BRASÍLIA. Apesar de manter voto favorável, como credor da Varig, às operações de salvamento judicial da empresa, o brigadeiro José Carlos Pereira, ex-presidente da Infraero, considera que pode ter sido "usado" no processo e diz que sempre sentiu um "cheiro podre" no ar.

Por que o senhor estava preocupado com a venda da VarigLog?

JOSÉ CARLOS PEREIRA: Havia um sentimento na Infraero de que alguma coisa não estava bem conduzida. Eu tinha esse sentimento.

Como assim?

J. CARLOS: Olfato. Cheiro de podre. As minhas referências foram as guerras nas audiências da recuperação judicial, das quais participei. O Roberto Teixeira, advogado da VarigLog, queria levar vantagem em tudo: "de preferência eu não pago, de preferência eu prorrogo". Ele é um homem truculento, avança, fala alto, grosso e Waleska (filha) mais ainda.

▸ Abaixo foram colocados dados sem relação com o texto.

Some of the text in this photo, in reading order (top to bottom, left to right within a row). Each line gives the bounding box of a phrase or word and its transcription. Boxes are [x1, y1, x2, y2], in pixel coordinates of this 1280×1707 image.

Como era o ambiente dessas audiências?

J. CARLOS: O clima era de hostilidade e guerra.

Pode dar algum exemplo?

J. CARLOS: Numa das audiências com o juiz Ayoub (Luiz Roberto Ayoub, da Vara Empresarial da Justiça do Rio encarregada da recuperação da Varig) alguém chamou o presidente do Tribunal de Justiça para apaziguar os ânimos. Recordo sobre o novo Cheta (Certificado de Empresa de Transporte Aéreo) da Varig. Ele defendia que esse Cheta tinha que sair imediatamente porque os pilotos continuavam os mesmos, apenas os aviões tinham mudado de dono. Foi uma discussão feroz.

Roberto Teixeira freqüentava a Infraero?

J. CARLOS: O Roberto Teixeira e a Waleska iam muito lá tratar de VarigLog. Estive com eles uma ou duas vezes para cumprimentar. O problema deles era com a procuradoria jurídica. Eu não dava confiança para eles.

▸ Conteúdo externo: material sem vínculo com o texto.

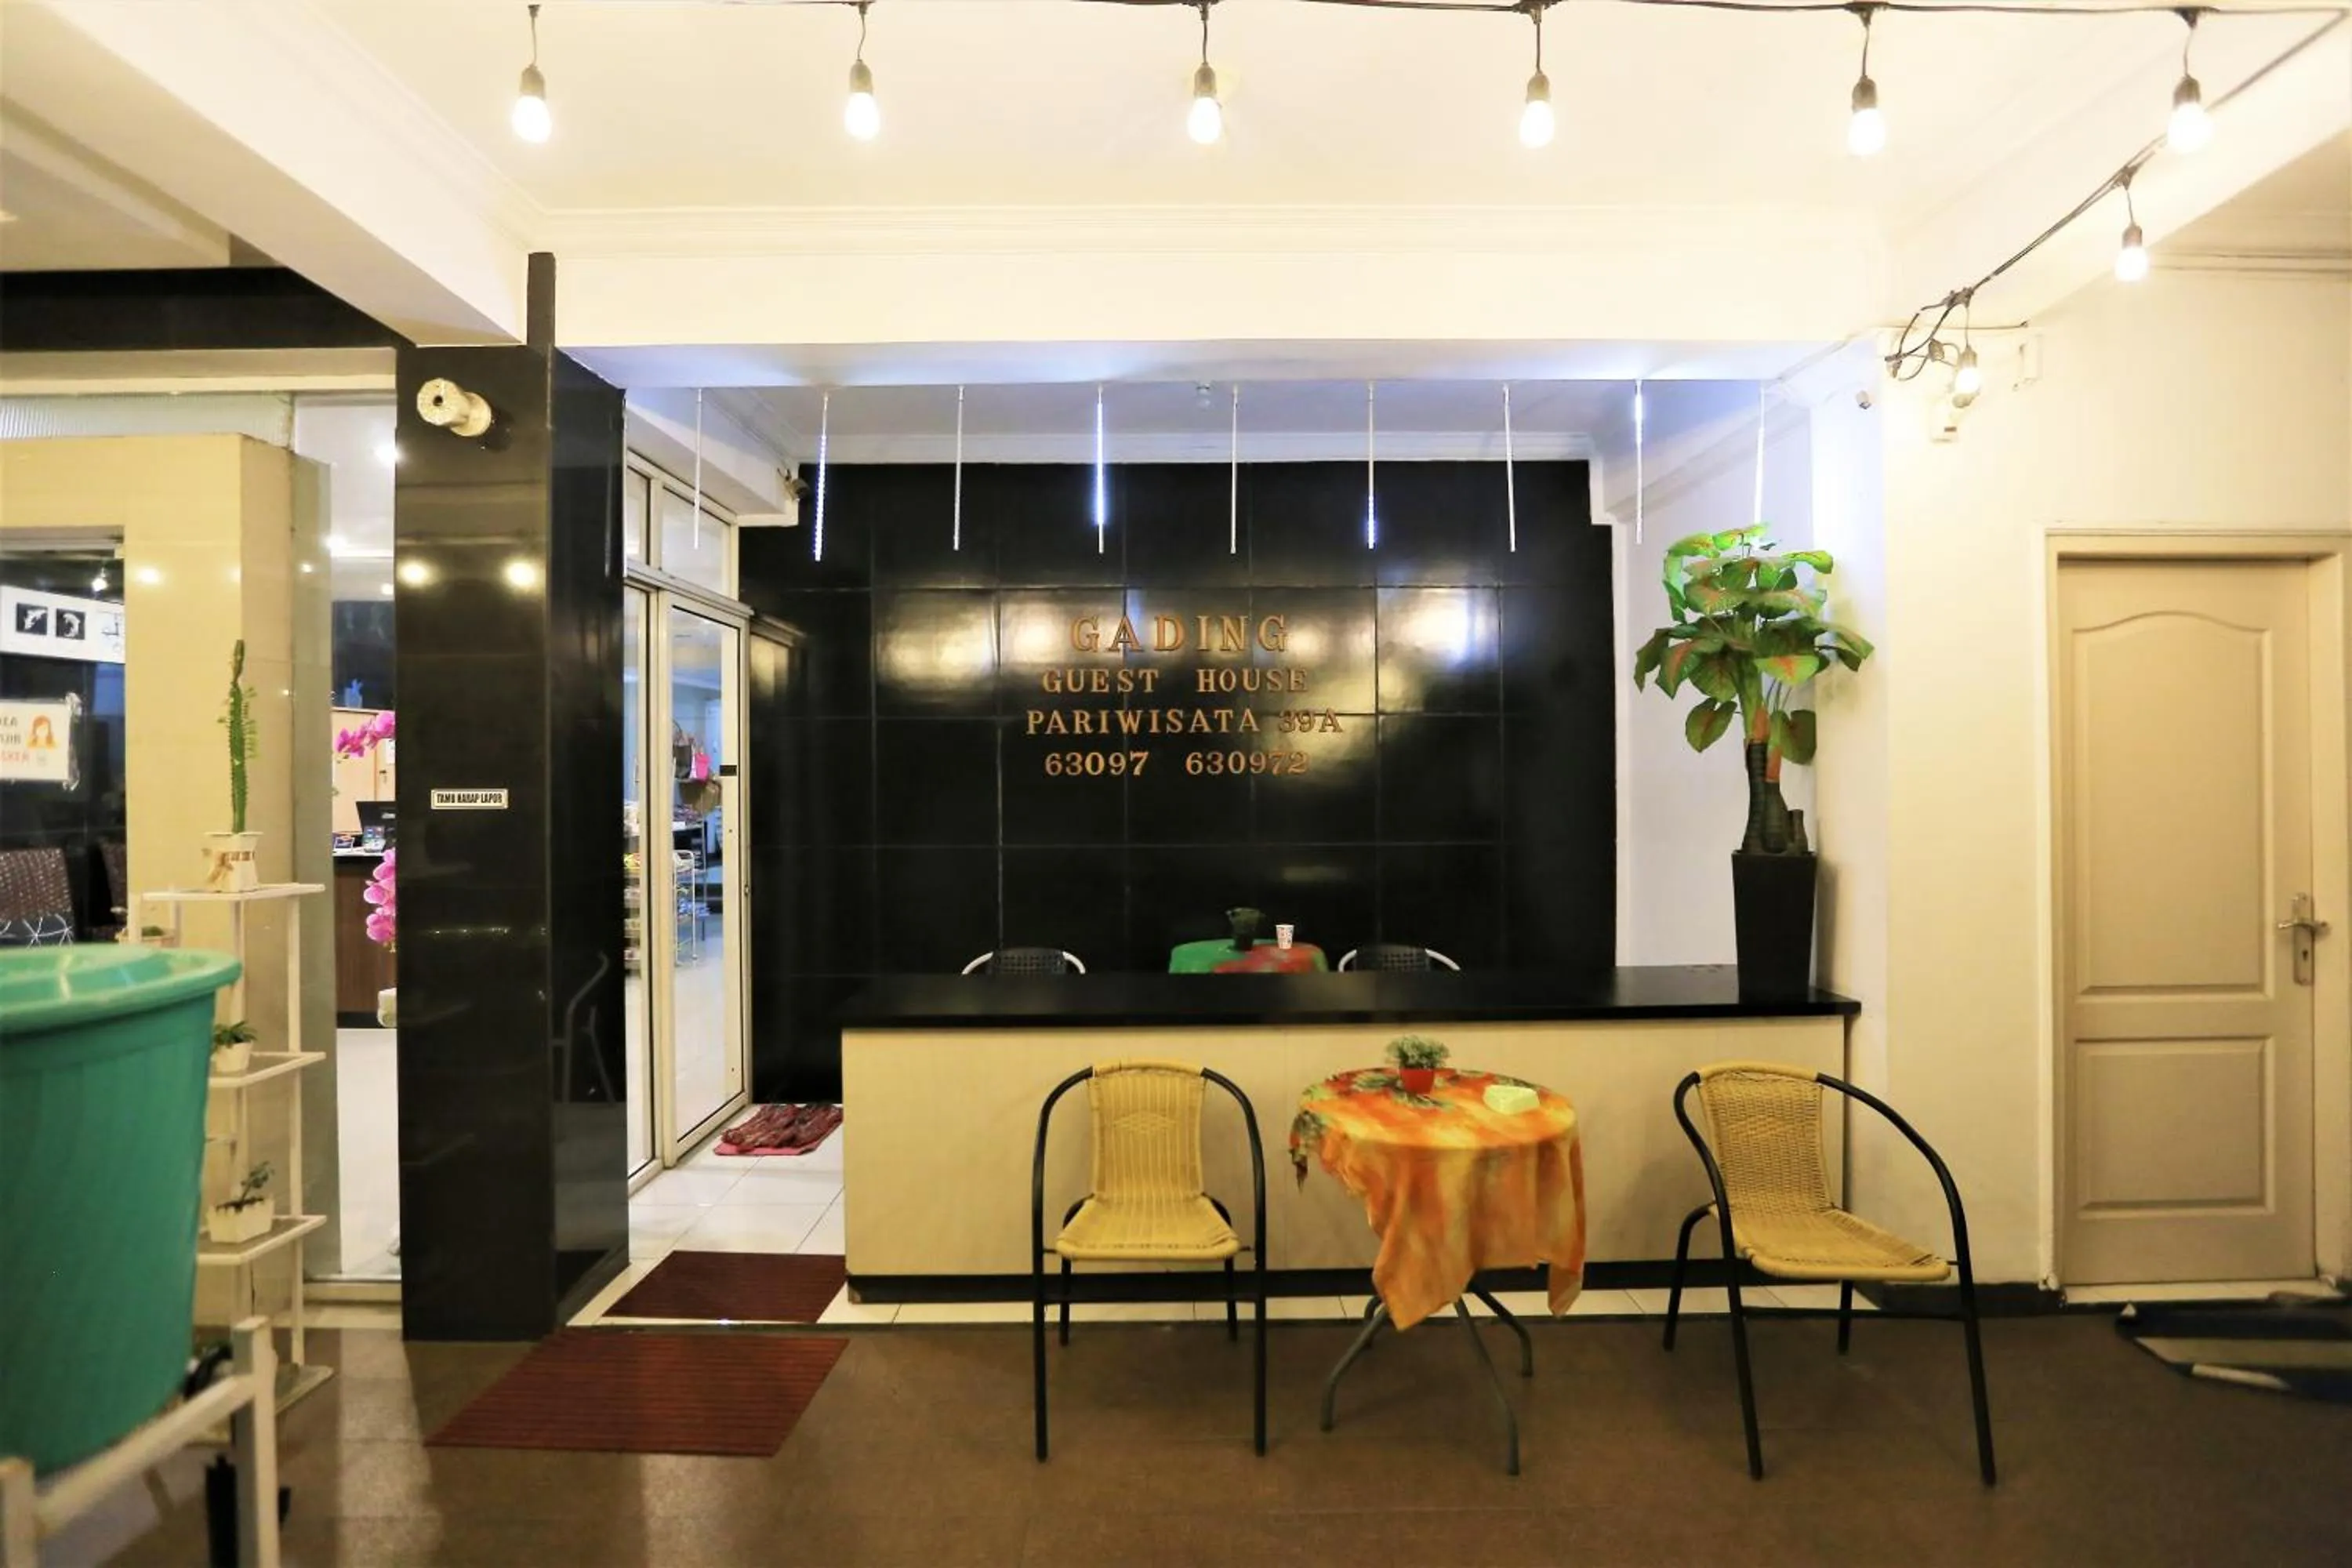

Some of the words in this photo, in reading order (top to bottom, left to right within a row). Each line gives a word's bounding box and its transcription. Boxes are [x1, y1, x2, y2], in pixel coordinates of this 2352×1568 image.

O senhor afirmou que a aprovação da venda da VarigLog foi impatriótica?

J. CARLOS: Eu continuo achando isso. É ilegal e impatriótico. É violação da lei.

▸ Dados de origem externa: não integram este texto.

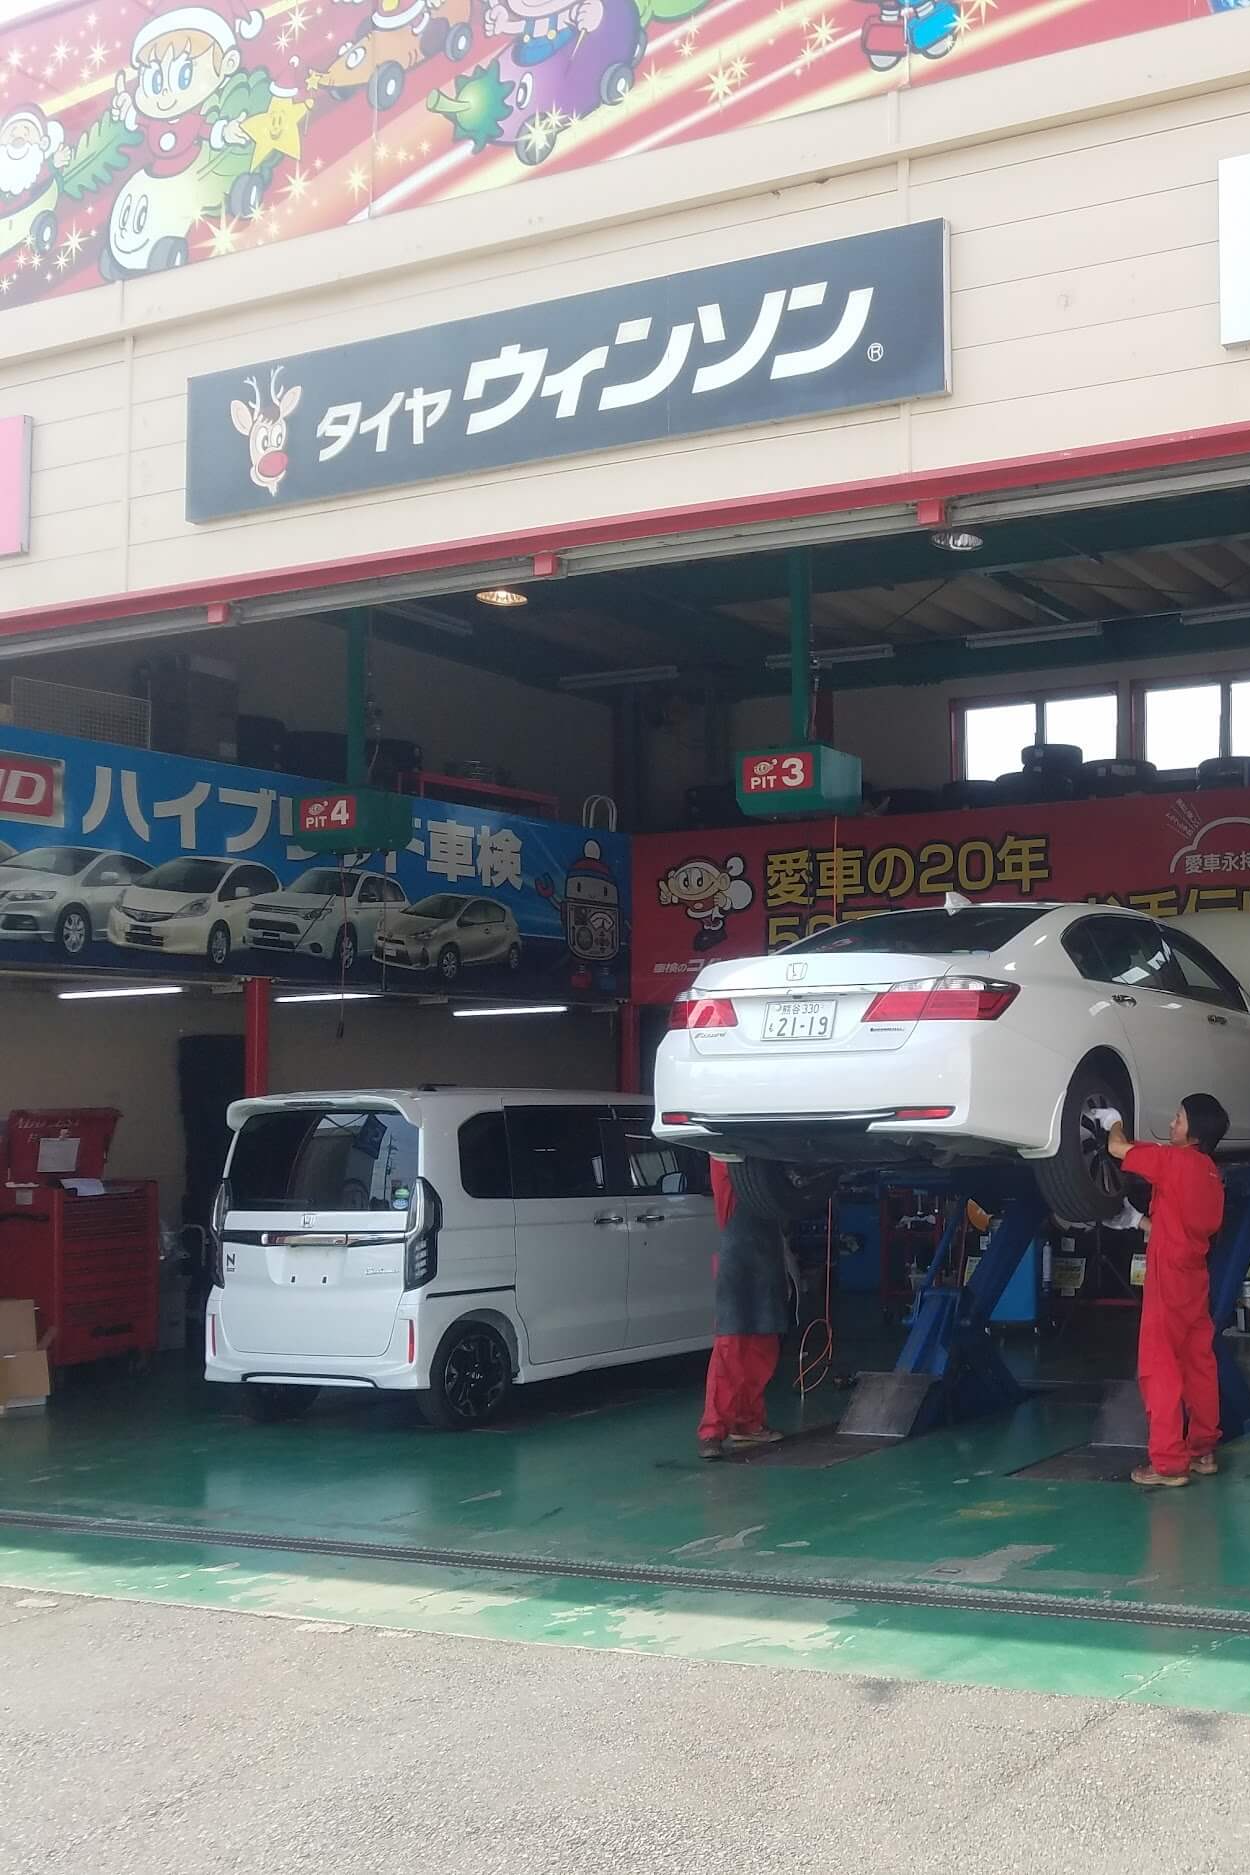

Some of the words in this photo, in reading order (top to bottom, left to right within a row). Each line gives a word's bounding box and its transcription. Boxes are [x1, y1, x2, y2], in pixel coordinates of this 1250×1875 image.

O senhor foi pressionado pela ministra Dilma Rousseff?

J. CARLOS: Dilma me ligou e me deu uma esculhambação. Ela disse que eu estava me metendo onde não devia.

A Infraero foi orientada pela Casa Civil?

J. CARLOS: A orientação da Casa Civil era fazer tudo para evitar a falência da Varig. Nas reuniões em que participei lá, sempre defendi que a empresa tinha que recuperar seus créditos.

Qual a razão do seu telefonema para a Anac, após a aprovação da operação?

J. CARLOS: Queria saber se a operação estava "ok" e reafirmar nossa posição de salvar a Varig, mas garantir o recebimento das dívidas. Perguntava: "Zuanazzi, esse negócio que vocês estão fazendo aí está legal, obedecido o Código Brasileiro de Aeronáutica?". Ouvi que estava tudo dentro da normalidade. (G. D. e L. S.)